- _Requirement_
Write out exactly the line containing "Some of the text" along with each line that follows it in the records below, and no others.

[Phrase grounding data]
######

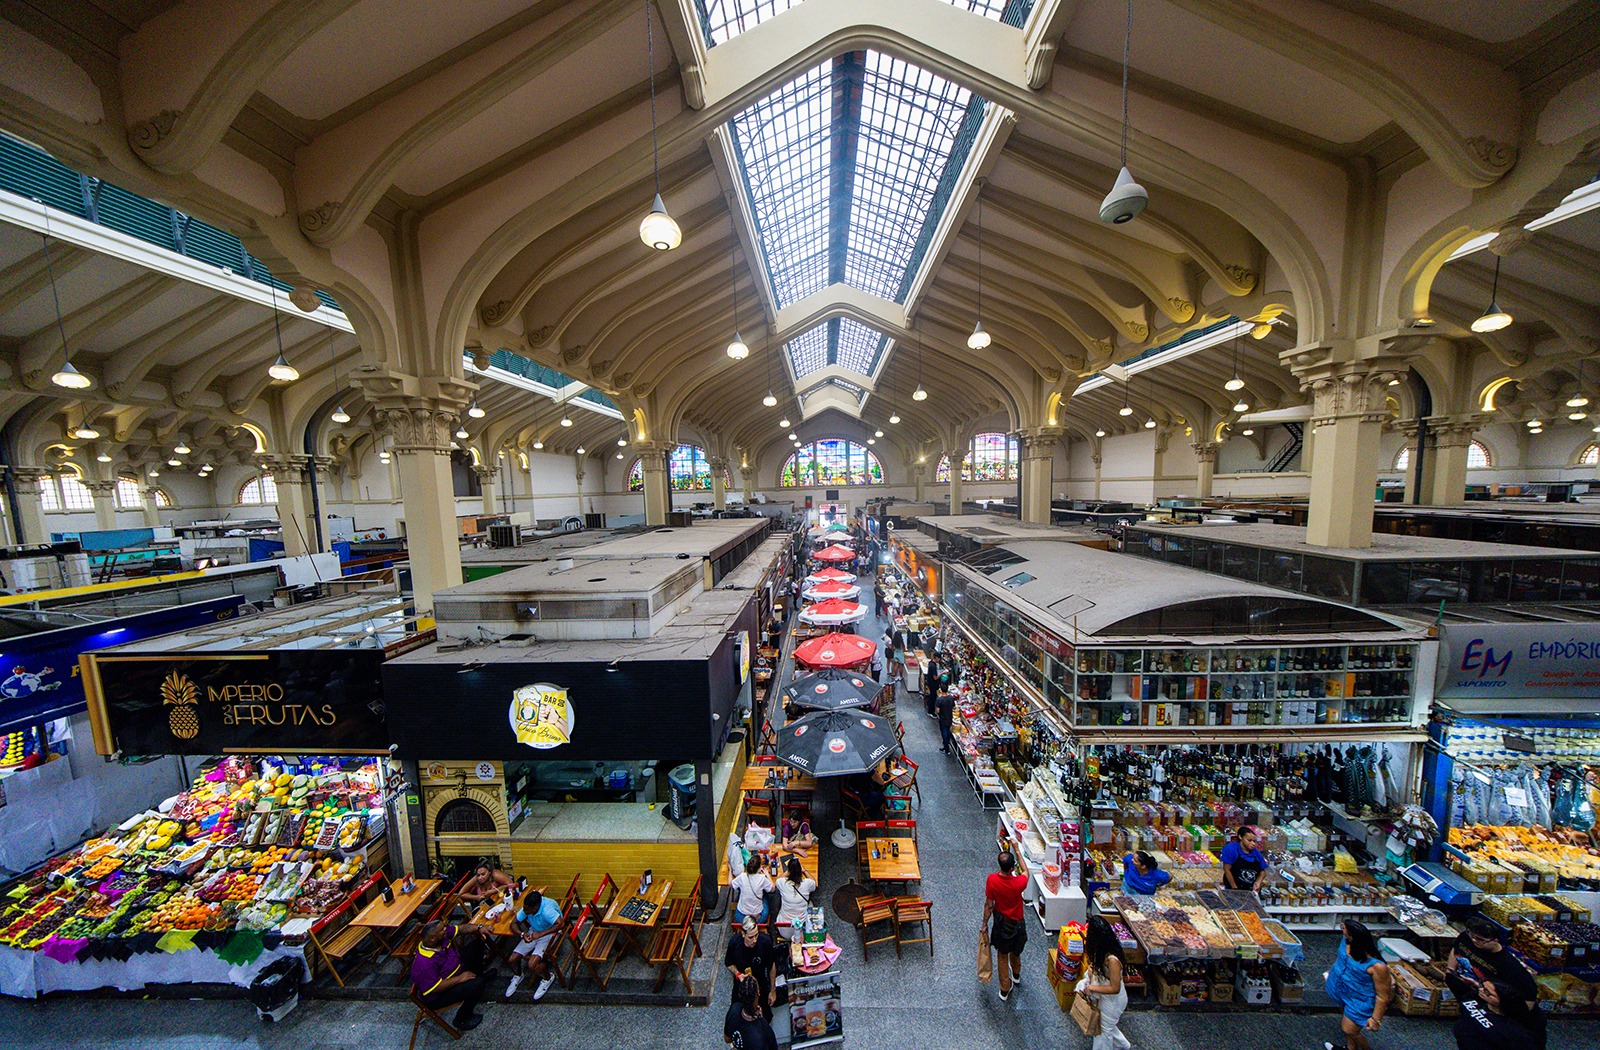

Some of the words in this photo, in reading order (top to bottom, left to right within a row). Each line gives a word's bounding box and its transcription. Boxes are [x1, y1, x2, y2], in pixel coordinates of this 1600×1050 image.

[1460, 638, 1513, 679] EM
[207, 680, 284, 702] IMPÉRIO
[543, 694, 557, 704] BAR
[840, 697, 859, 705] AMSTEL
[234, 704, 337, 726] FRUTAS
[788, 753, 810, 767] AMSTEL
[870, 744, 888, 760] AMSTEL
[1463, 1000, 1494, 1029] BEATLES
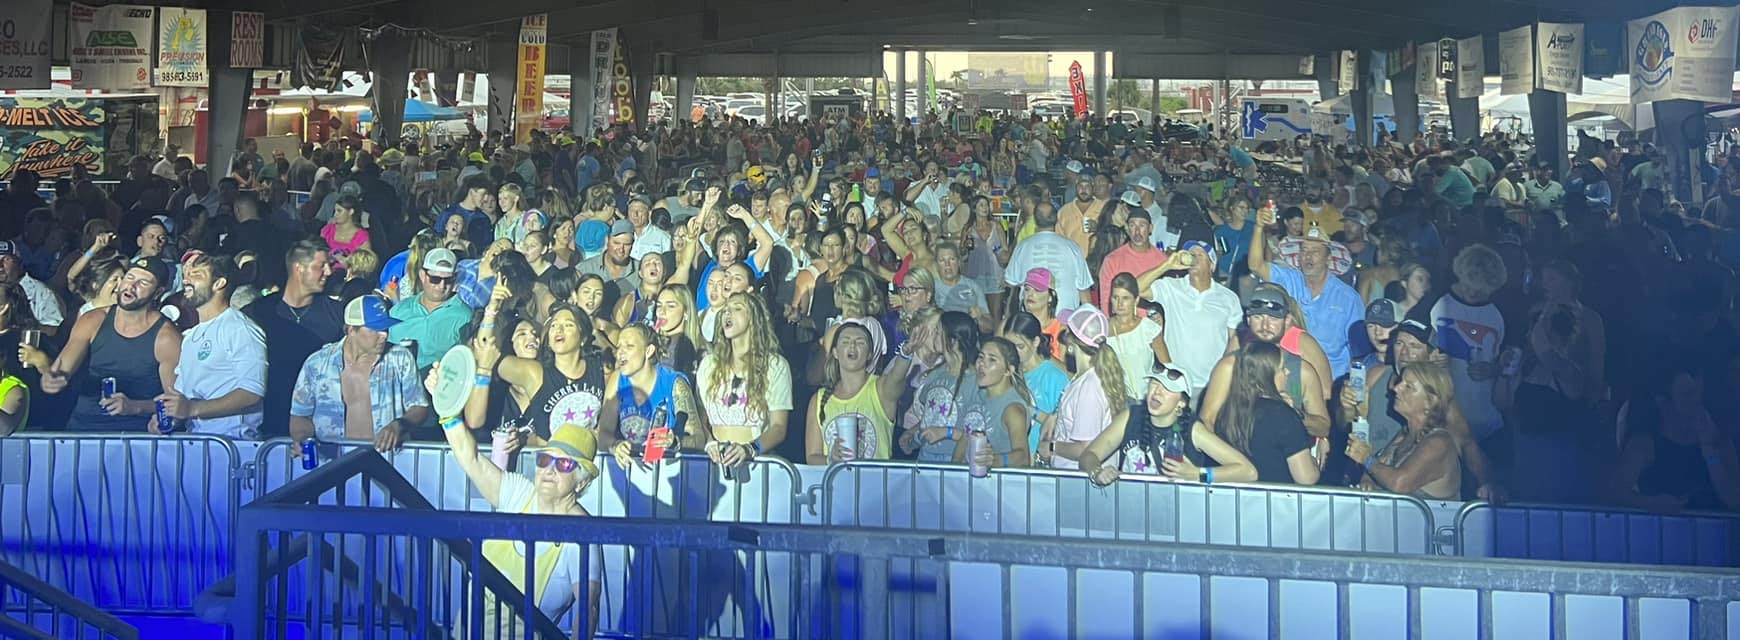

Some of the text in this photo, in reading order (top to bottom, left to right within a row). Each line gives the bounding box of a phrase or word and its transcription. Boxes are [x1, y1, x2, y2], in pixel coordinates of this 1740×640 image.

[234, 13, 264, 39] REST
[525, 16, 545, 26] ICE
[521, 31, 545, 44] COLD
[231, 40, 264, 67] ROOMS
[522, 46, 540, 113] BEER
[52, 108, 99, 126] ICE
[22, 136, 86, 160] Take it
[543, 383, 579, 413] CHERRY

######

- _Response below_
Some of the text in this photo, in reading order (top to bottom, left to right within a row). Each line gives the bounding box of a phrase or word and its transcription. Boxes are [x1, y1, x2, y2], in pixel coordinates of this 1740×640 image.

[234, 13, 264, 39] REST
[525, 16, 545, 26] ICE
[521, 31, 545, 44] COLD
[231, 40, 264, 67] ROOMS
[522, 46, 540, 113] BEER
[52, 108, 99, 126] ICE
[22, 136, 86, 160] Take it
[543, 383, 579, 413] CHERRY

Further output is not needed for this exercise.